Itu adalah luapan kemarahan, frustrasi, dan rasa bersalah dari seorang manajer yang sepertinya dia sudah kehabisan jawaban dan bahkan mungkin sudah kehabisan kesabaran untuk melakukan pekerjaan ini. Empat hari setelah menaklukkan Stadion Etihad, Conte melihat timnya kalah dalam pertandingan liga keempat dalam lima pertandingan. Ditanya oleh reporter mengapa malam ini sangat berbeda dengan hari Sabtu, Conte mengatakan dia tidak ingin “mengomentari pertandingan tersebut”, hanya pada “situasi” yang lebih luas.

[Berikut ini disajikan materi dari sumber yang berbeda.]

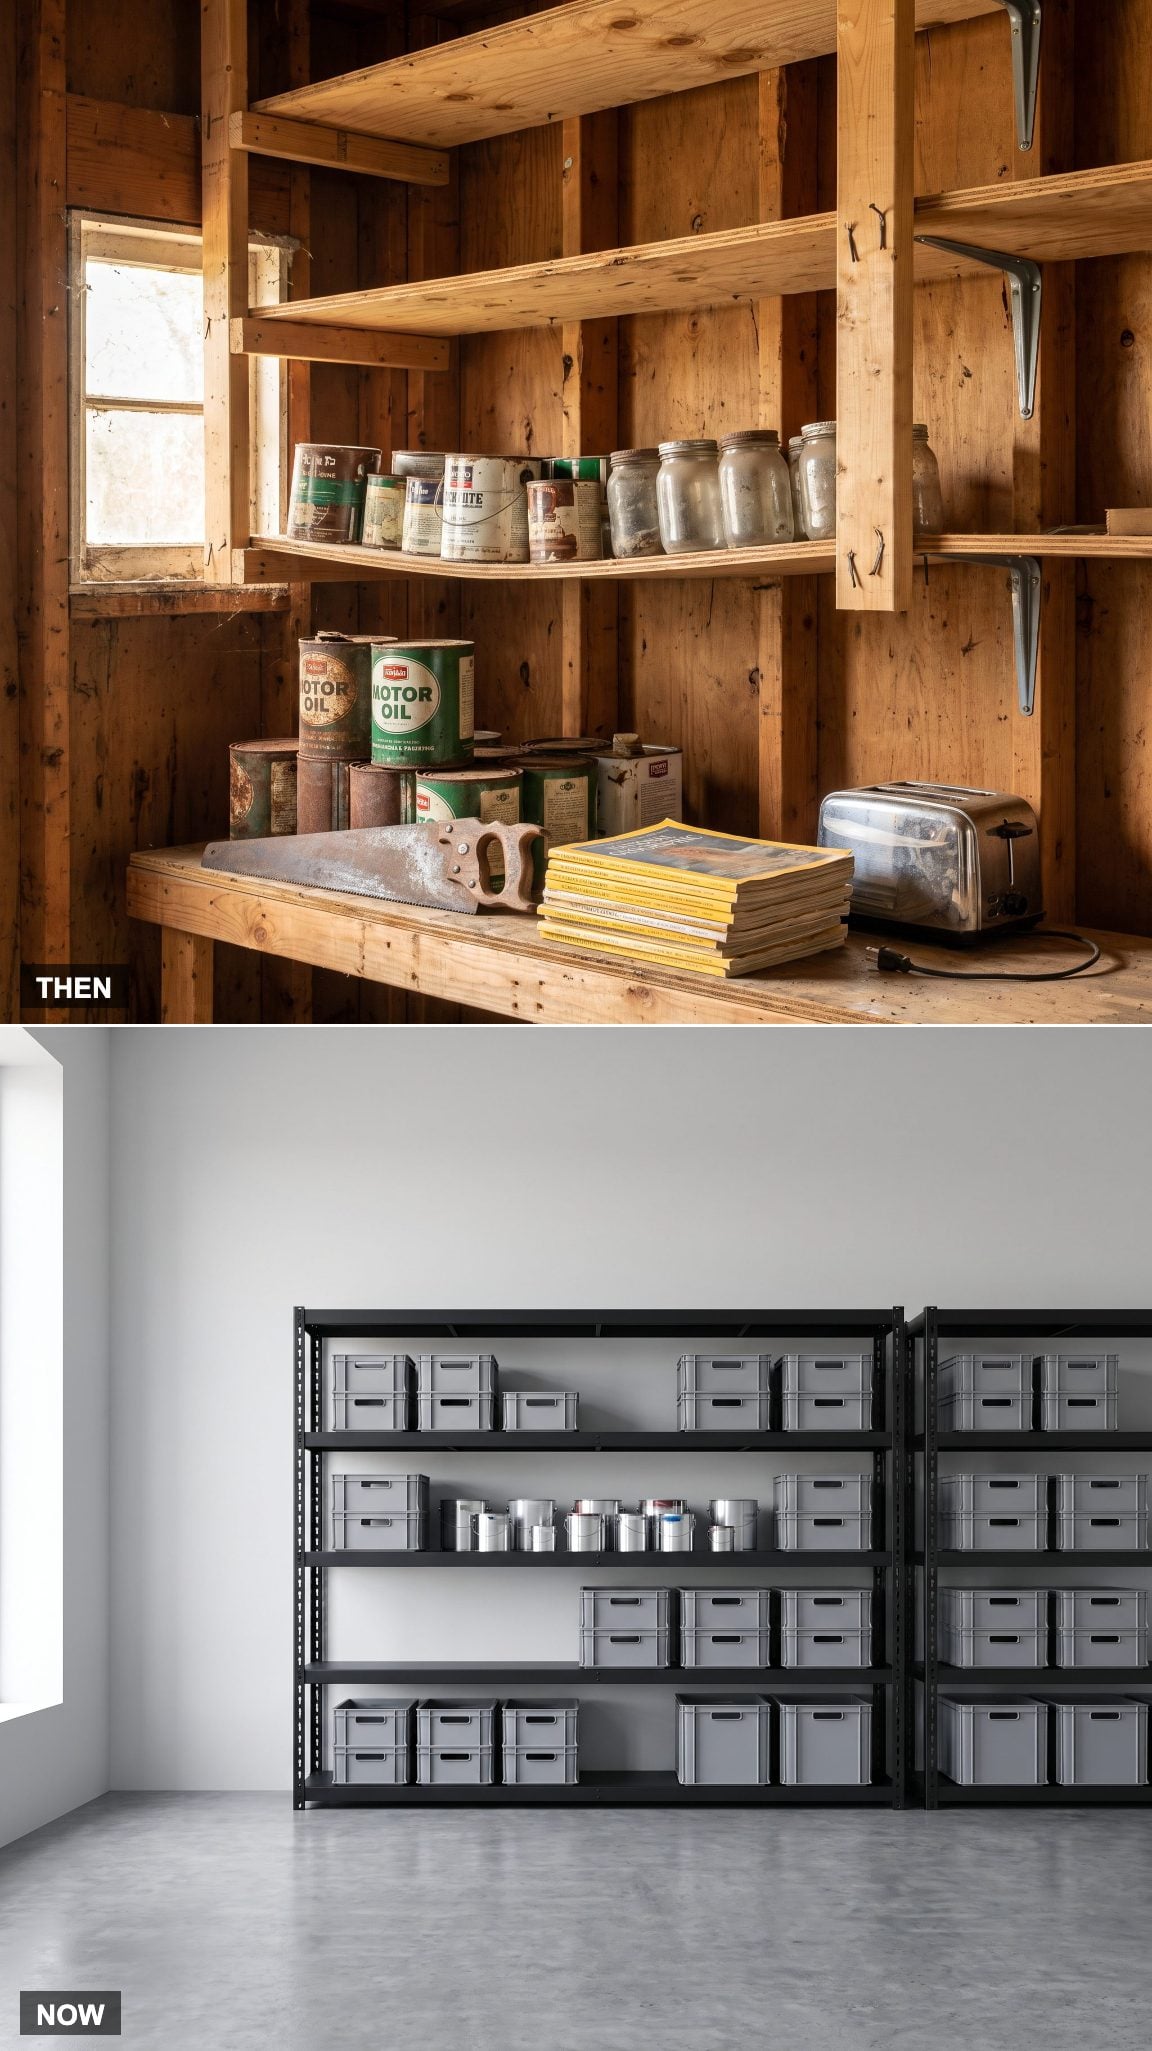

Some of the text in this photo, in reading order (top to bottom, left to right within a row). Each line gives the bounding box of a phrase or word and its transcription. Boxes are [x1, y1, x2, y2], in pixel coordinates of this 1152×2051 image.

[373, 685, 432, 702] MOTOR
[304, 696, 330, 712] OIL
[381, 703, 411, 719] OIL

Conte mengakui bahwa dia “berusaha melakukan segalanya untuk mengubah situasi”, namun “situasinya tidak berubah”. Dia mengakui lebih dari sekali bahwa mungkin dia – salah satu pelatih terbaik di dunia – “tidak sebaik itu” karena ketidakmampuannya untuk mengubah keadaan.
Conte mengatakan dia “terlalu jujur” untuk “menutup matanya” dan “terus berkata: ‘Oke, saya ingin menyelesaikan musim seperti ini, dan oke, gaji saya bagus”. Dan, yang lebih buruk lagi, dia mengatakan dia ingin “membuat penilaian” dengan klub tentang apa yang terbaik bagi semua pihak. “Saya terbuka terhadap setiap keputusan karena saya ingin membantu Tottenham.”
Conte selalu menjadi pelatih yang emosional, seseorang yang tidak malu menunjukkan kepada dunia betapa kecewanya dia ketika timnya kalah. Rasa lapar dan kebutuhan fisik untuk menanglah yang membuatnya begitu menarik dan sukses. Tapi ini bukan hanya satu ledakan diam-diam setelah kekalahan yang membuat frustrasi, tapi serangkaian ledakan.
Ketika Conte memberikan wawancara TV sebelum konferensi pers, dia menyampaikan poin yang sama, mengatakan bahwa klub perlu “melakukan penilaian” untuk menemukan “solusi terbaik” untuk masa depan.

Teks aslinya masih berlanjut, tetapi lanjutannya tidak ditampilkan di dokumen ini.